Литмир - Электронная Библиотека

Когда я села рядом, он будто вспомнил, что надо делать, будто заранее обдумал каждое свое движение. Он схватил мою правую руку с зажатой в ней зубной щеткой и стал медленно заводить ее мне за спину, потом — левую, и я видела, как его лицо, измученное бессонницей, побледнело. Не покидавшее меня все это время ощущение, что я тут одна, начало оставлять меня. Моя голова опустилась на диван, и волосы рассыпались по простыне. Все вокруг словно замерло.

— Ну-ну, не забывайся, — спокойно сказала я, — слышишь?

Стремительное движение, и он не сумел поцеловать меня в шею.

— Не забывайся, не то я позову отца, и он выгонит тебя отсюда.

Я рванулась, и мои руки, словно перебитые, повисли в воздухе. Тяжело поднявшись, я перед зеркалом поправила волосы. Мне казалось, когда-то я уже пережила такую минуту. Немая бессмысленность ситуации раздражала меня. Так бессмысленная красота причиняет боль, связывает, унижает. Меня поражало отсутствие какого бы то ни было развития в нас обоих. С тех пор как я знаю Андрея, мы оставались все теми же, неспособными стать другими. Для Андрея были важны цели, для меня — средства, а ведь мы знали, что любим друг друга. Андрей улыбался, я плакала. Беспомощно. Я видела глаза Андрея, бороздившие поверхность зеркала: совсем как крупные дождинки, стекающие с освещенной витрины какого-нибудь кафе. Было слышно, как на верхнем этаже моют посуду и время от времени пискливо шумит кран. Андрей походил на больного. Но он оставался все тем же…

— Я получил направление в провинцию.

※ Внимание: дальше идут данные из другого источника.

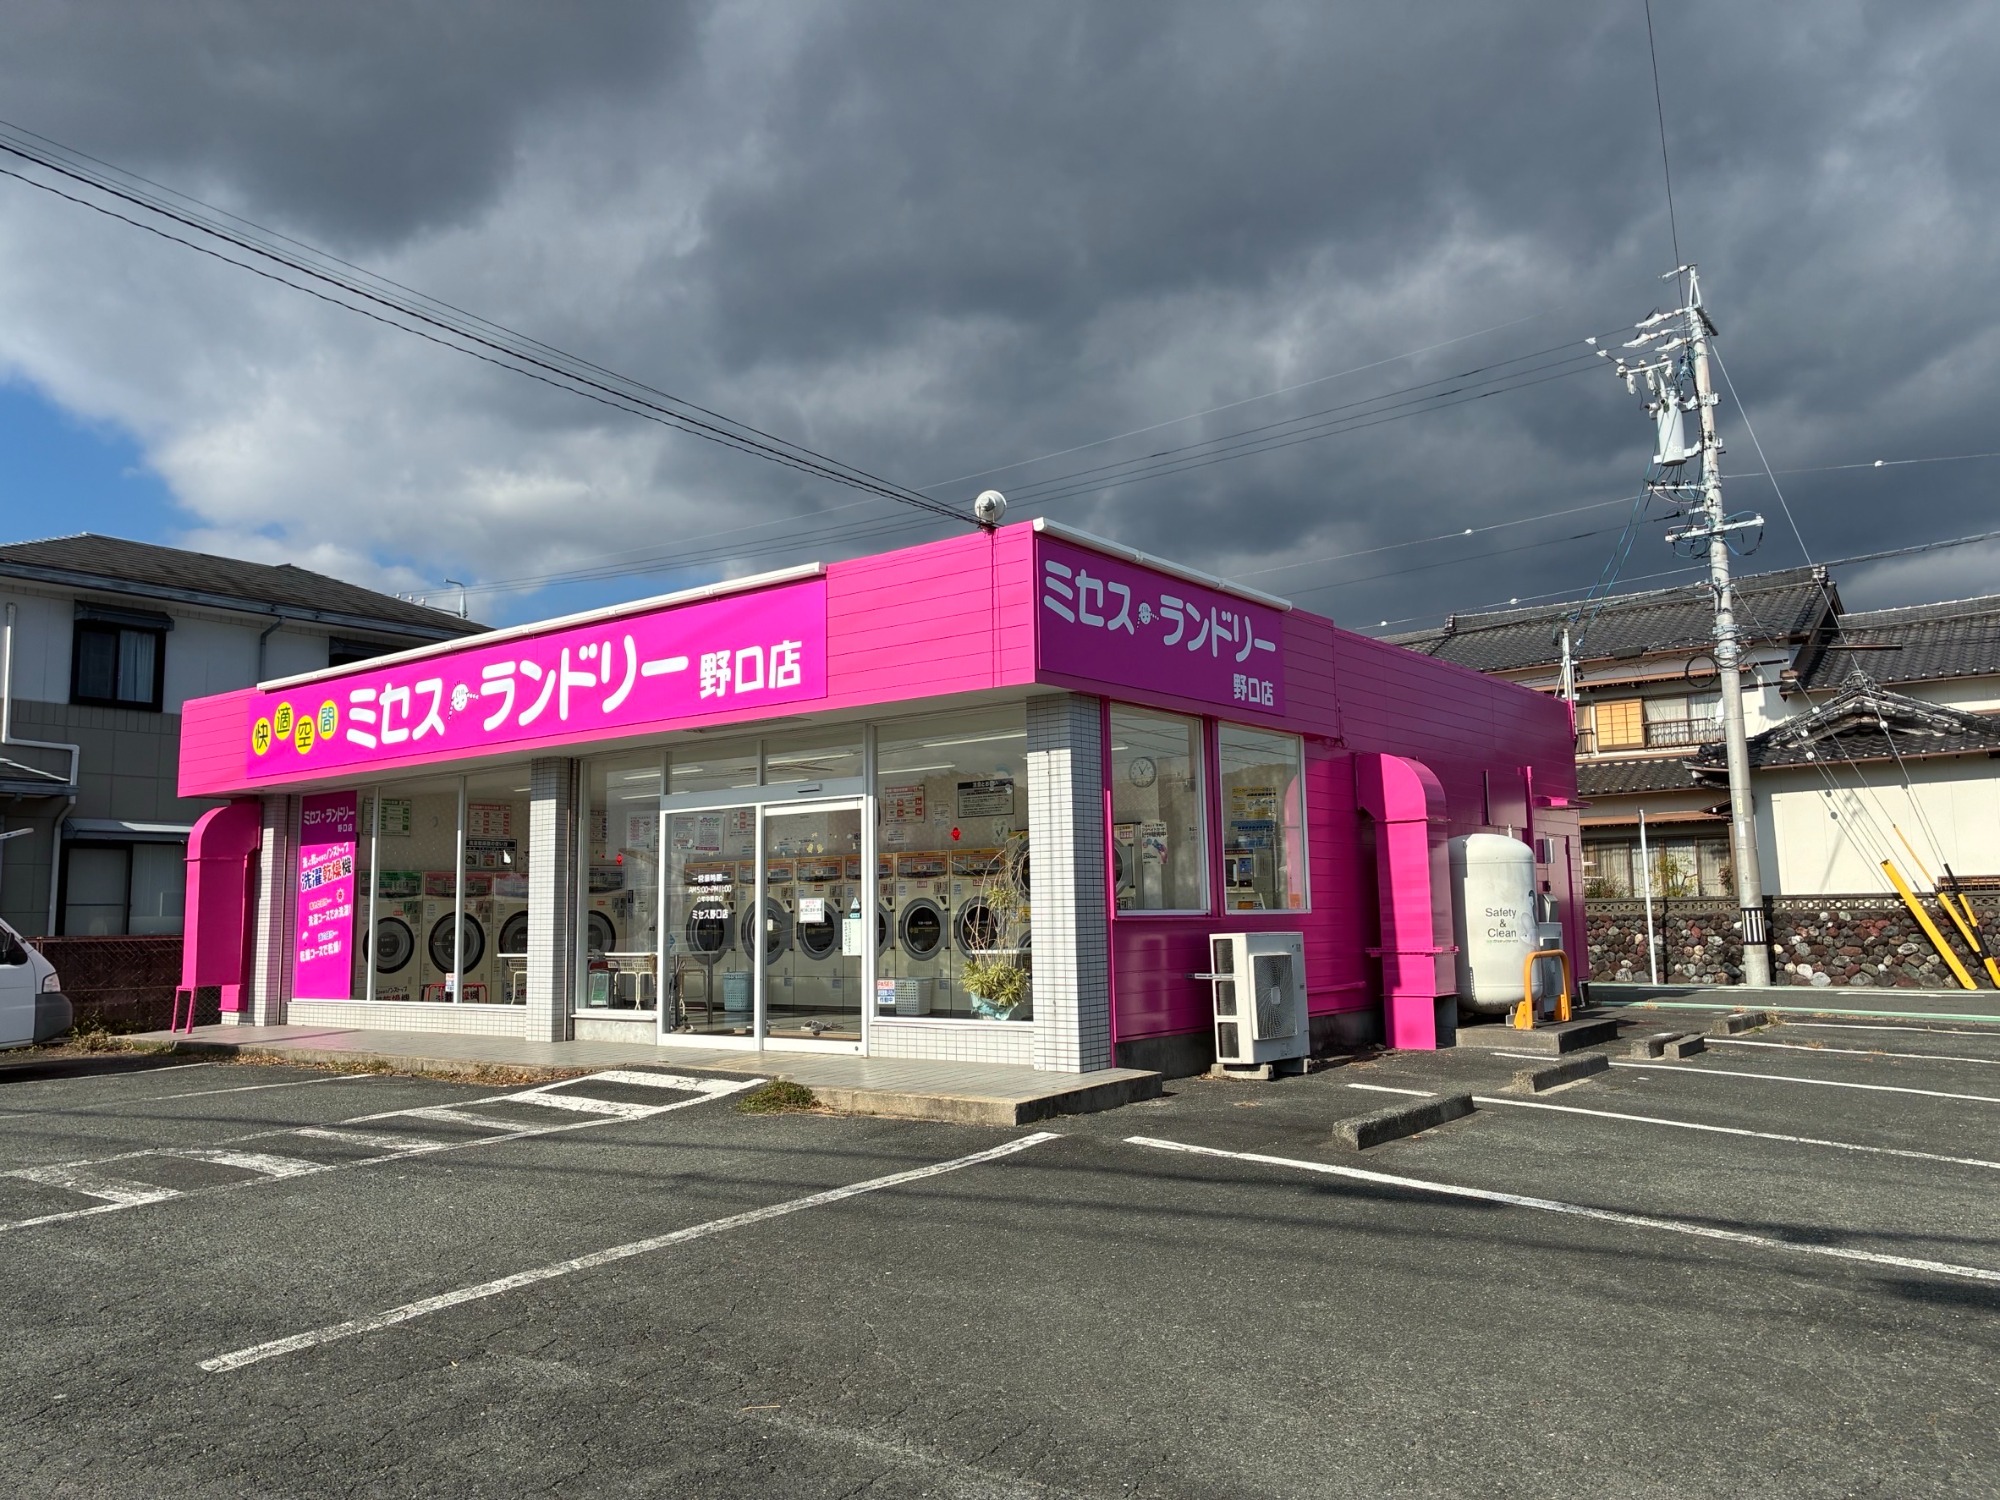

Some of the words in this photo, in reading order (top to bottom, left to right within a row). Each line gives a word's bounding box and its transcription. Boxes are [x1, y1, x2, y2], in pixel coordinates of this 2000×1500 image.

[1043, 559, 1135, 636] ミセス
[1159, 594, 1276, 663] ランドリー
[255, 705, 336, 751] 快適空間
[346, 677, 446, 750] ミセス
[480, 634, 689, 732] ランドリー
[699, 639, 803, 700] 野口店
[1233, 673, 1274, 707] 野口店
[301, 856, 352, 891] 洗濯乾燥機
[692, 909, 729, 920] ミセス野口店
[1485, 907, 1517, 919] Safety
[1499, 918, 1507, 928] &
[1487, 928, 1517, 938] Clean
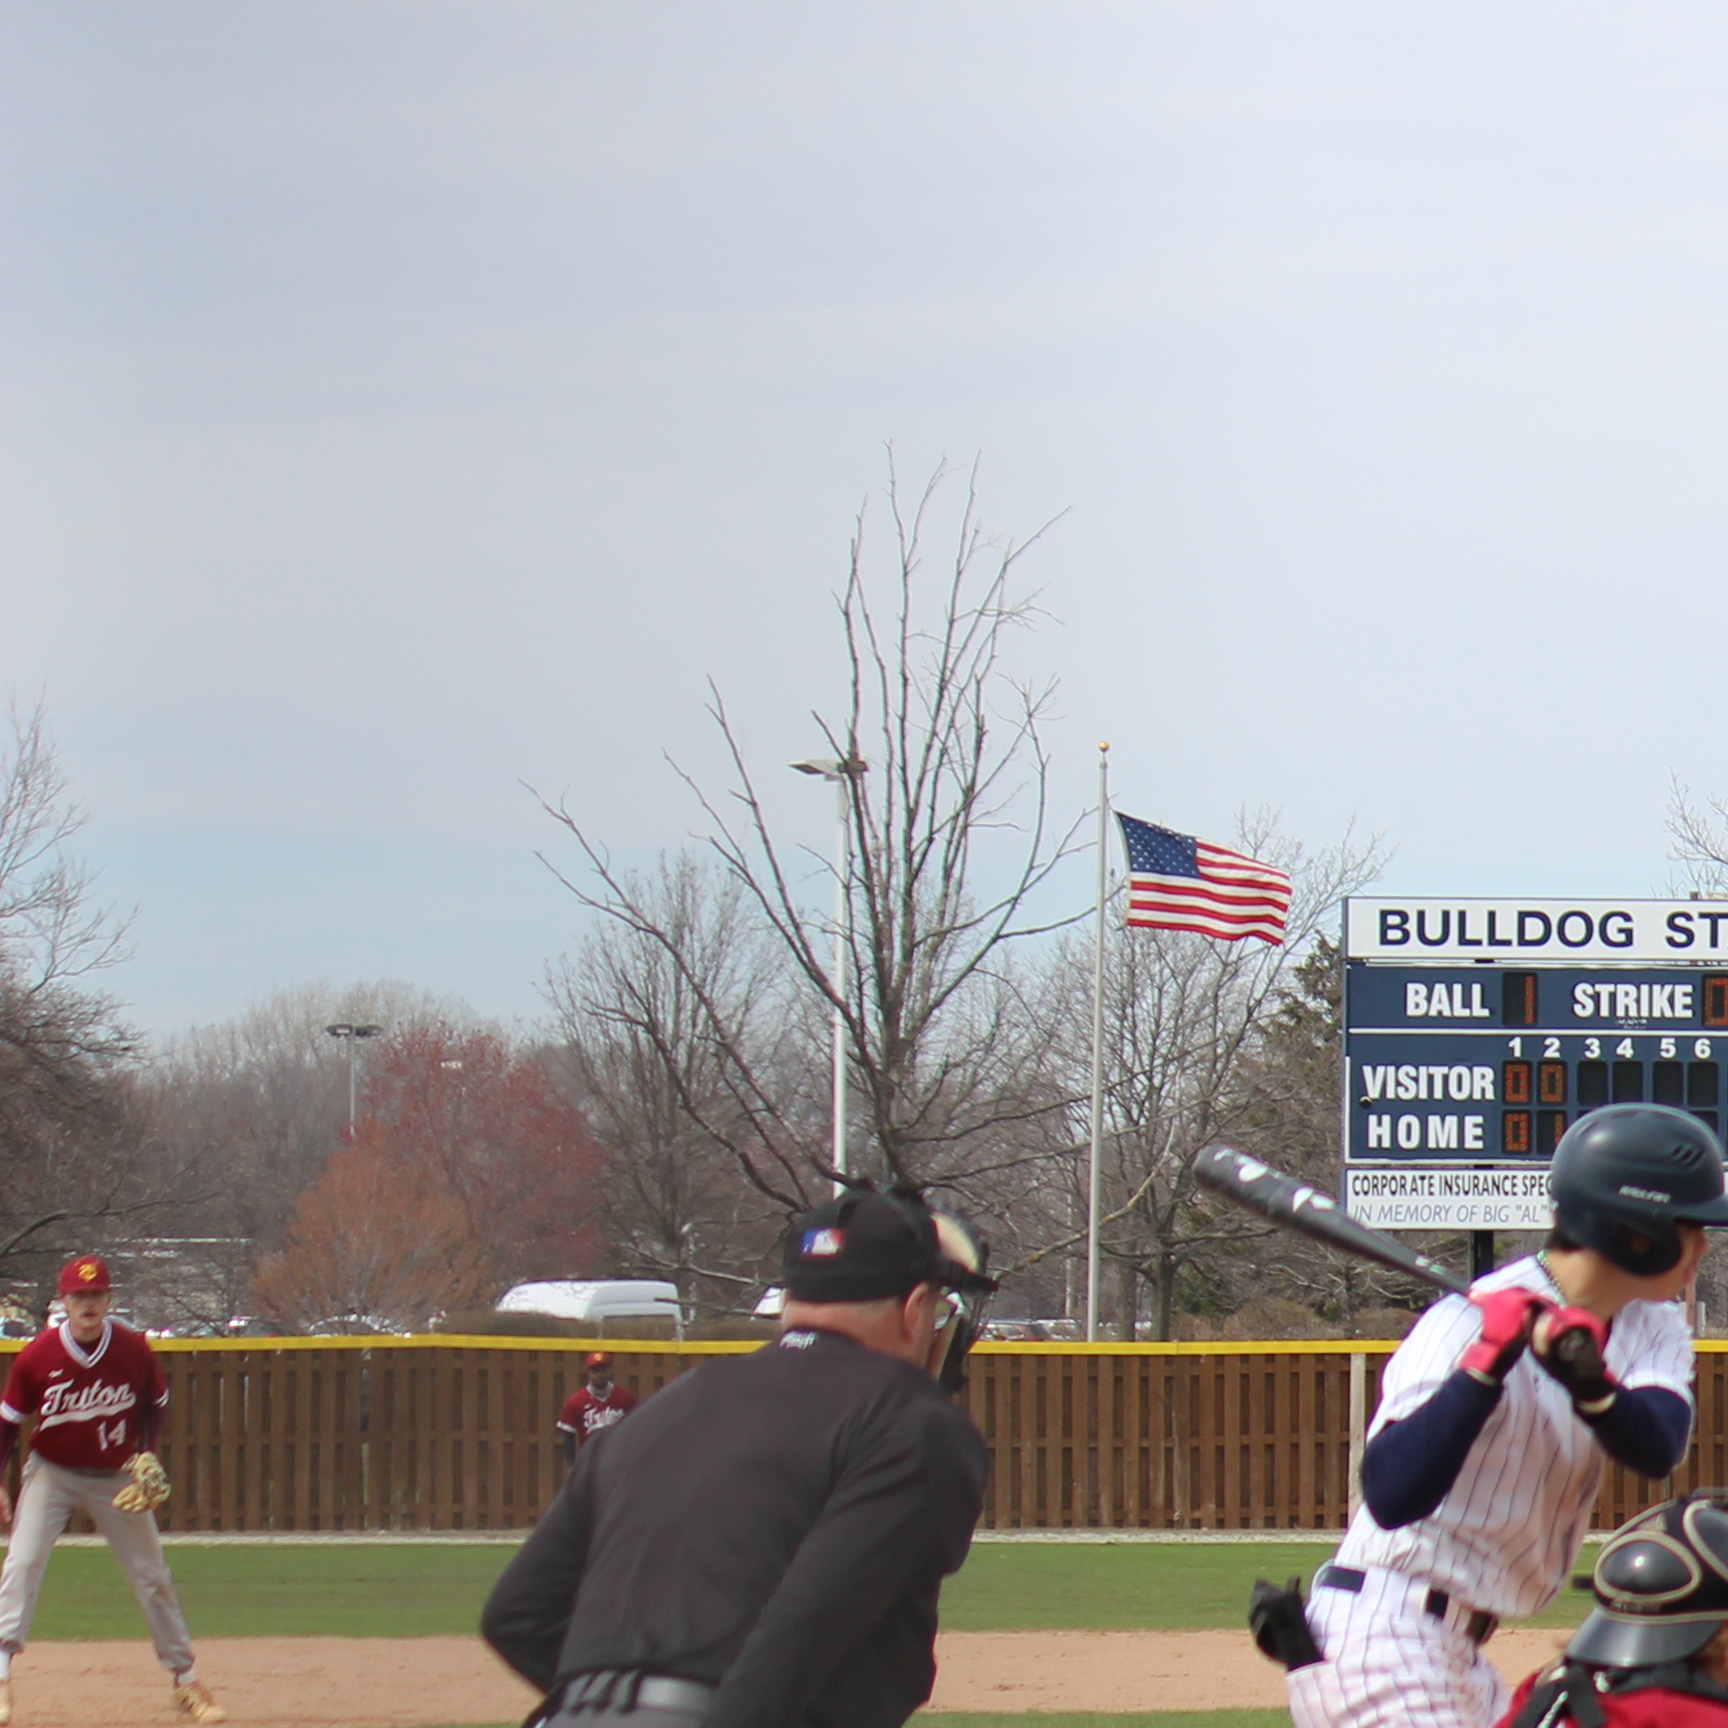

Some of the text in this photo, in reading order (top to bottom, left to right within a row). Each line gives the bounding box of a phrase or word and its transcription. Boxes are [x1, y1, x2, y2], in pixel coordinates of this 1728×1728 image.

Провинция, понимаешь, провинция.

— У меня есть парень, — спокойно солгала я, — один мой сокурсник… Он не похож на тебя. У тебя ноги длинные, как у персидского принца.

— Он наверняка умирает по поэзии, музыке и изобразительному искусству.

— Я люблю его, но не в этом дело…

— И кроме того, дорогая Юлия, у персидских принцев ноги вовсе не длинные, они прославились на весь мир своими короткими ногами и исключительной любовью к синему цвету…

— Все кончено, и ты это знаешь.

Я хотела и не могла ему помочь, у него был жалкий вид. Я не видела возможности объясниться с ним не потому, что не хотела этого, а потому, что была уверенна: он не поймет меня. Я вышла на балкон, и он последовал за мной, ступая тяжело и неуверенно. Было холодно, и я просто не знаю, как он не замерз в своей тонкой рубашке, как выдержал, но он стоял, опираясь о перила, словно ему тепло. Абсолютно никакого развития…

— Все кончено…

— Почему?

— Мне не нравится твоя улыбка, Андрей…

Андрей… который был рядом со мной на этом балконе, в этой комнате в тот холодный зимний вечер…

17

У Андрея шумело в ушах, но он сделал над собой усилие и сосредоточился.

Присутствующие в зале поднялись со своих мест, и ему показалось, что люди сейчас запоют…

18

Он видел, как прокурор раздраженно щелкает своей шариковой ручкой, а судья читает, слегка наклонившись к тексту, будто у него плохое зрение. Судебные заседатели были похожи на солдат, стоящих по стойке «смирно».

Сийка Христофорова Бонева приговаривалась к двум годам лишения свободы условно и выплате гражданского иска в размере двух тысяч левов, включая стоимость похорон ребенка… Приговор условный, срок действия — до трех лет. Дело может быть обжаловано в Верховном суде.

Затем на мгновение воцарилась полная тишина. Андрей почувствовал, что покрывается потом…

Даже по сравнению с его ожиданиями приговор был слишком мягким. Андрей выиграл…

Пока он приводил в порядок папку с документами и пытался втиснуть ее в переполненный портфель, за его спиной вереницей проходили люди. Кто-то громко и грубо выругался. Андрей с вежливым достоинством приветствовал родителей ребенка и доктора Цочева, но почувствовал, что его мутит. Он ощущал необходимость побыть наедине с сестрой Боневой, поговорить с ней, сказать, что в подобном случае две тысячи левов — до смешного маленькая сумма.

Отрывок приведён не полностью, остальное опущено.